**Problem details**
Could you output exactly the lines running from the one containing "Some of the words" to the final line of the listing below, leaving out pictures?

**Data for this task**
*** Block opens ***

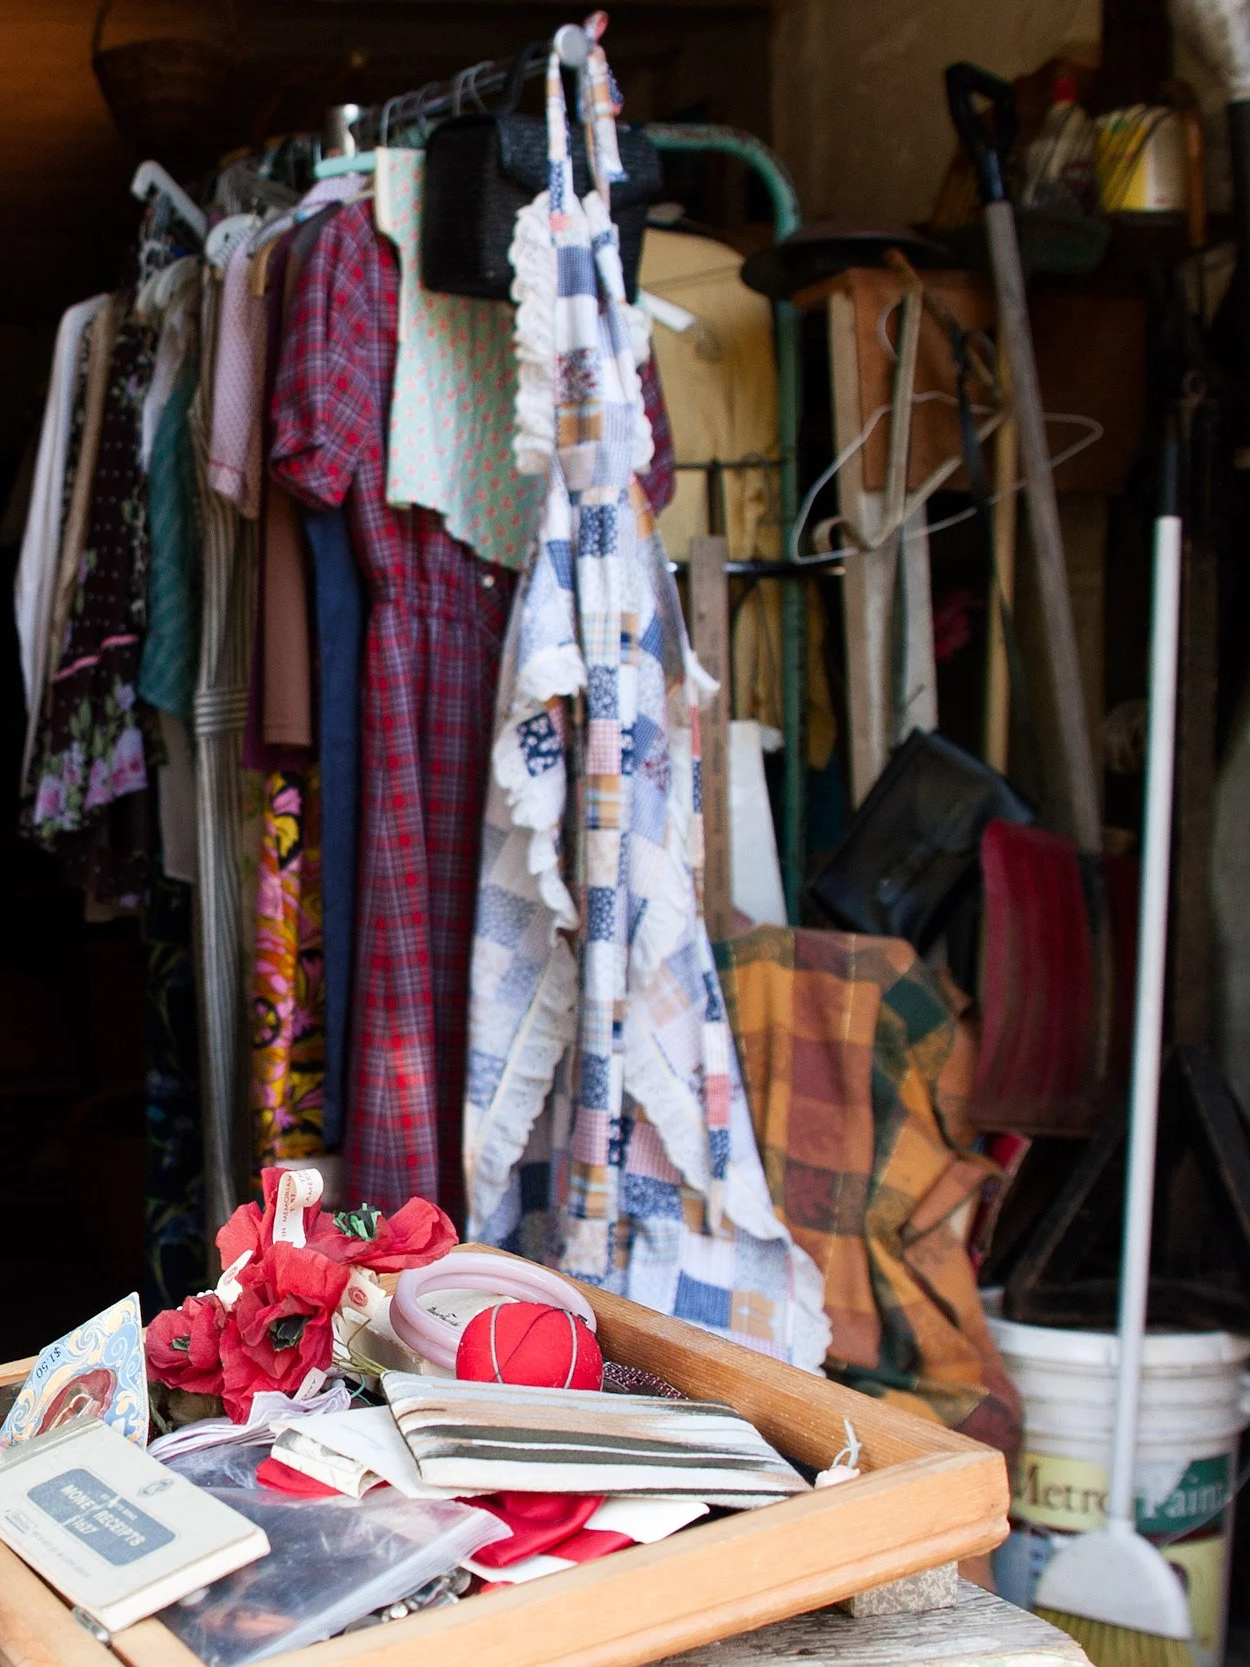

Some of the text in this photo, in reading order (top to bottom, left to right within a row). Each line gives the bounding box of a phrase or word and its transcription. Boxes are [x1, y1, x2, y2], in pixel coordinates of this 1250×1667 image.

[36, 1346, 61, 1379] $1.50
[60, 1483, 103, 1512] MONEY
[93, 1510, 146, 1547] RECEIPTS
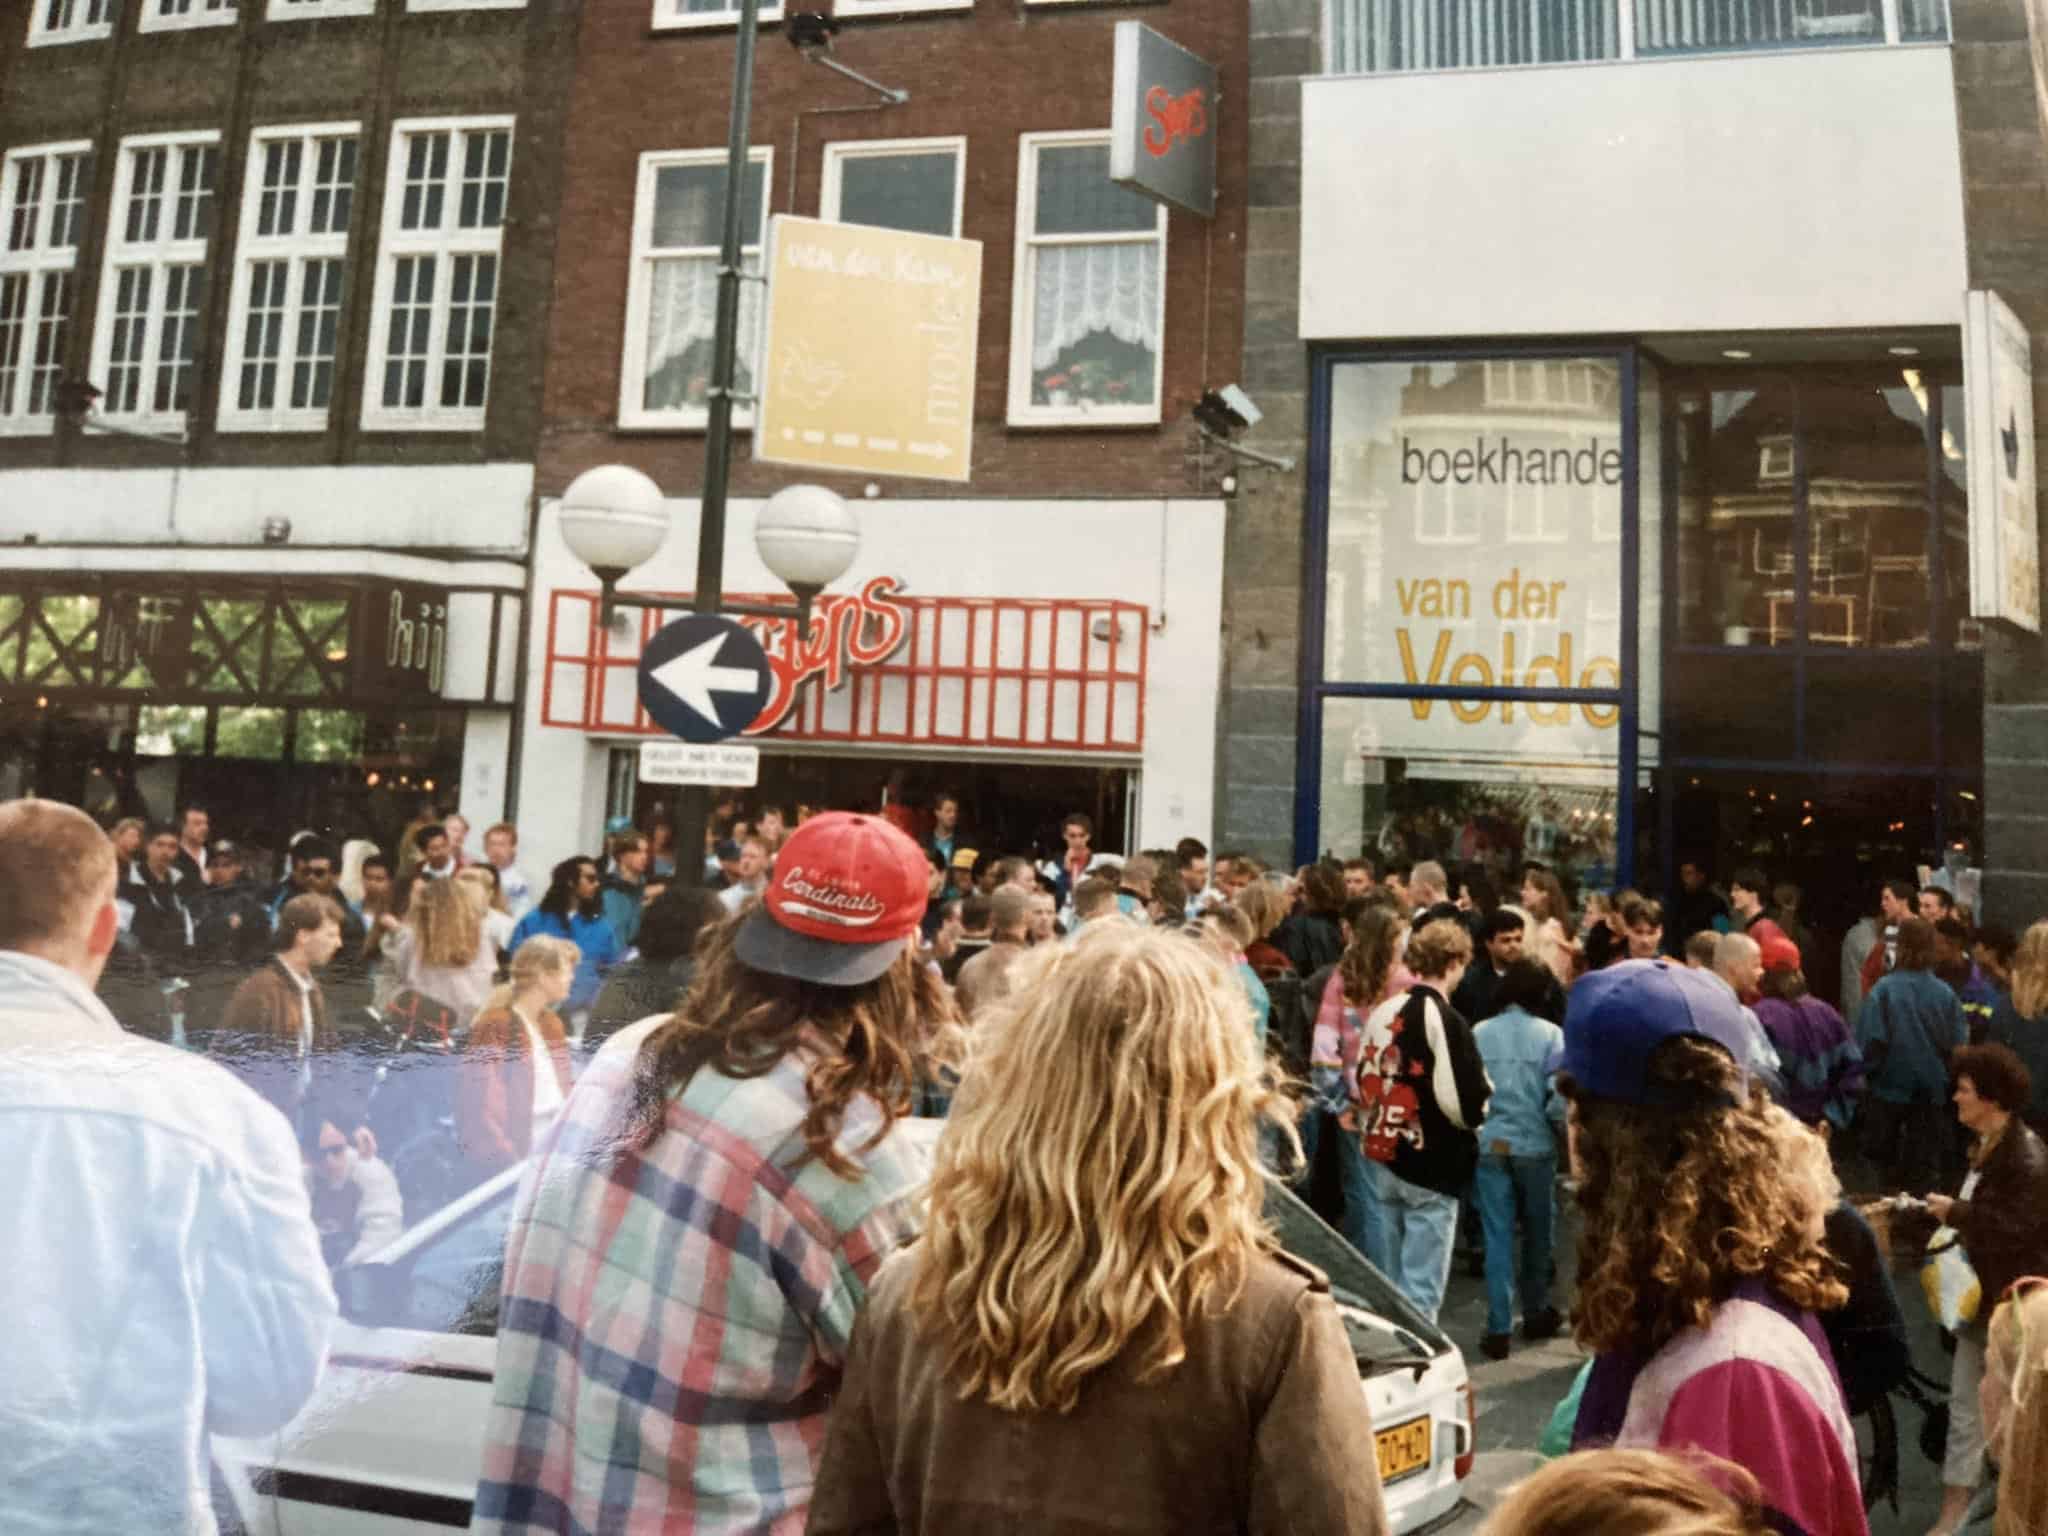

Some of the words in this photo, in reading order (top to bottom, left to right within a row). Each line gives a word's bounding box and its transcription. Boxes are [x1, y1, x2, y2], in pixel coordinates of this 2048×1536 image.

[1401, 436, 1622, 486] boekhande
[1395, 576, 1472, 619] van
[1491, 567, 1567, 620] der
[783, 865, 882, 912] Cardinals
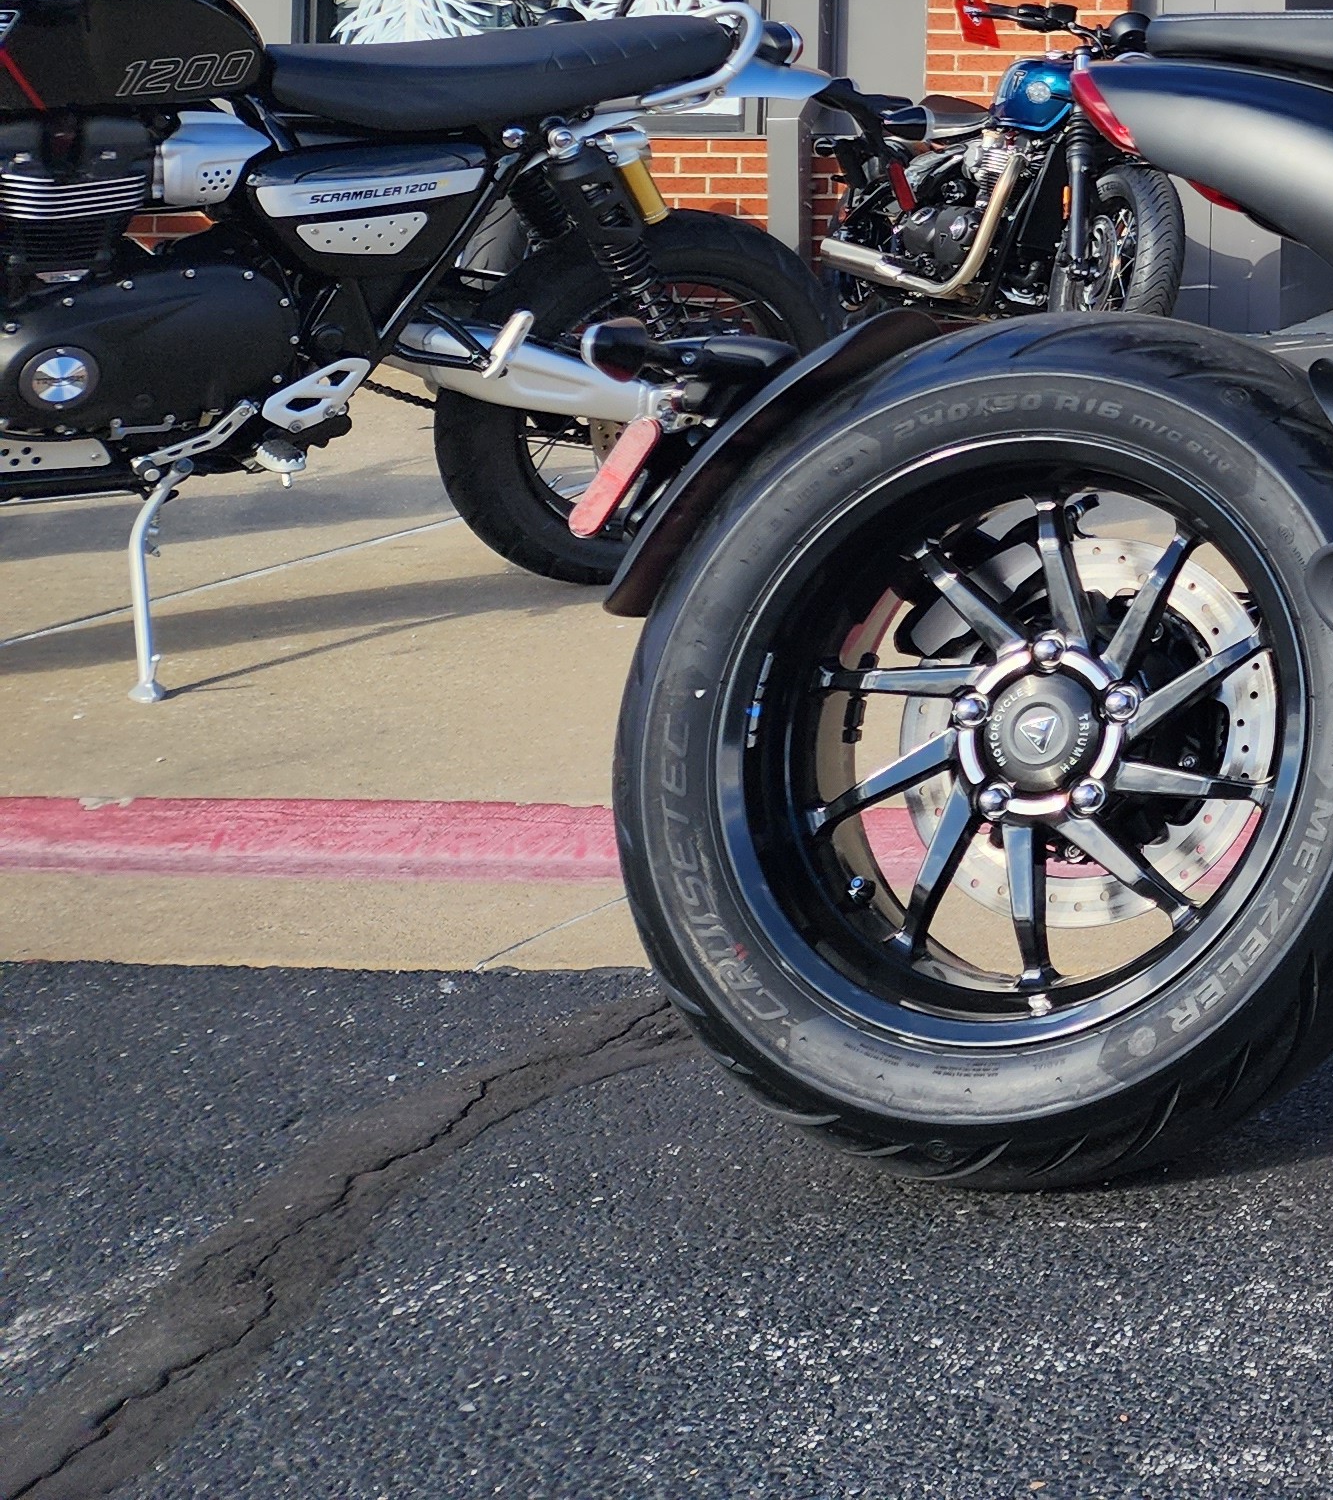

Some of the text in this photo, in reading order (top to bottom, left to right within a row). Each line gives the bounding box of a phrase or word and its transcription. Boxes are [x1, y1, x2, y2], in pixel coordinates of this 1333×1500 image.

*** Block closes ***

**Response to this task**
Some of the words in this photo, in reading order (top to bottom, left to right within a row). Each line gives a word's bounding box and its transcription. Boxes are [x1, y1, x2, y2], in pixel coordinates of this 2048×1536 image.

[1401, 436, 1622, 486] boekhande
[1395, 576, 1472, 619] van
[1491, 567, 1567, 620] der
[783, 865, 882, 912] Cardinals

Some of the text in this photo, in reading order (top to bottom, left to right within a row). Each line gives the bounding box of a phrase or word and its transcription. Boxes are [x1, y1, x2, y2], in pixel coordinates of this 1333×1500 image.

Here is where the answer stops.